Democratic Senators Richard Blumenthal and Edward Markey on Tuesday introduced a bill meant to regulate online data harvesting conducted by digital giants such as Facebook and Google that’s somewhat akin to the European Union’s General Data Protection Regulation set to go into effect on the Old Continent next month. The bill is called Customer Online Notification for Stopping Edge-provider Network Transgressions, with its sponsors referring to it as the “CONSENT Act” for short. The legislation mandates Internet companies to draft “reasonable security practices” meant to ensure the safety of all user data they collect and requires them to communicate their data harvesting activities in a more straightforward manner to consumers.
If enacted, the law would be enforced by the United States Federal Trade Commission and is aimed at preventing another Cambridge Analytica scandal from happening. The introduction of the CONSENT Act came just hours before Facebook co-founder and Chief Executive Officer Mark Zuckerberg testified in front of two Senate committees over the firm’s recent privacy controversies, having ended up enduring approximately five hours of questioning that revealed little about the company’s business and plans outside of what was already known and communicated by the social media giant itself.

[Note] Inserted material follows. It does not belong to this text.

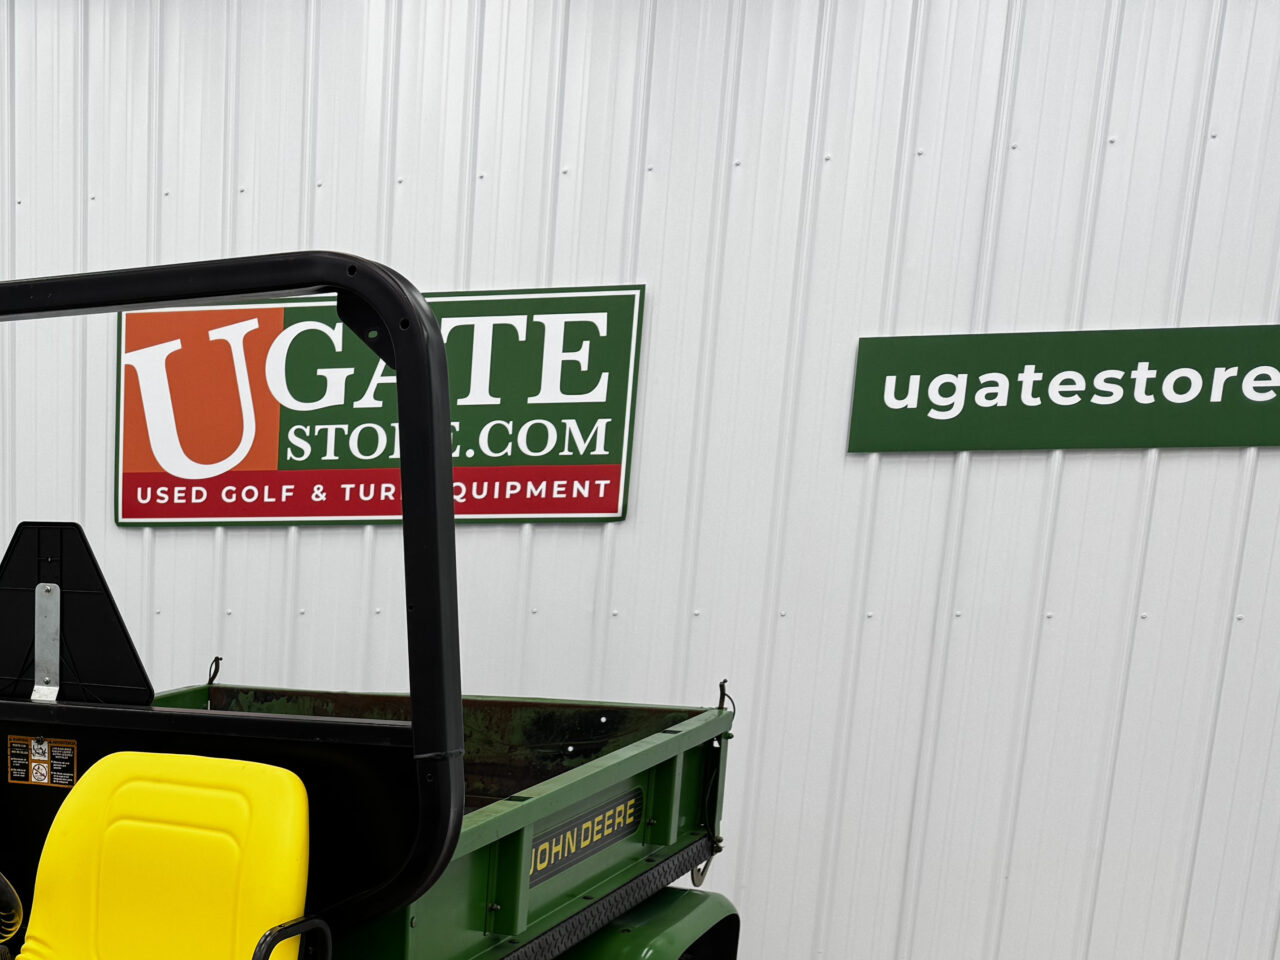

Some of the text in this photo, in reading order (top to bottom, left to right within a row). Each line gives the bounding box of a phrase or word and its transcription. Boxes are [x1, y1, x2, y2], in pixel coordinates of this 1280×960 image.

[883, 361, 1280, 420] ugatestore
[137, 479, 611, 504] USED GOLF & TUR QUIPMENT
[529, 799, 635, 876] JOHN DEERE

Mr. Zuckerberg recently announced Facebook will be limiting third-party access to data collected using its APIs in an effort to combat data misuse, which is an approach that not everyone agrees with; Jedidiah Yueh, founder and Executive Chairman of data technology company Delphix that had Facebook on its client roster, believes the social media giant’s decision to limit third-party access to data goes against the primary purpose of the platform – sharing. “Uploading information, posts, photos, videos, that’s the nature of Facebook,” the industry veteran said in an interview with AndroidHeadlines, having added that Facebook should be looking to “make sure people don’t access the wrong data” like what happened in the Cambridge Analytica episode instead of making data more inaccessible in general.
The European Union will start enforcing GDPR on May 25, with Facebook already promising many changes it’s introducing to adhere to the new regulations will benefit everyone and not just Europeans. While the company’s users from other parts of the world may not receive identical privacy management tools their European peers will, those that Facebook is planning to introduce outside of Europe will still be made with the spirit of GDPR in mind and with respect to applicable laws, Mr. Zuckerberg suggested earlier this month. Microsoft is also understood to be planning a similar move and should revise its products and services to be GDPR-compliant on a global level despite the fact that it’s only legally bound to do so in Europe.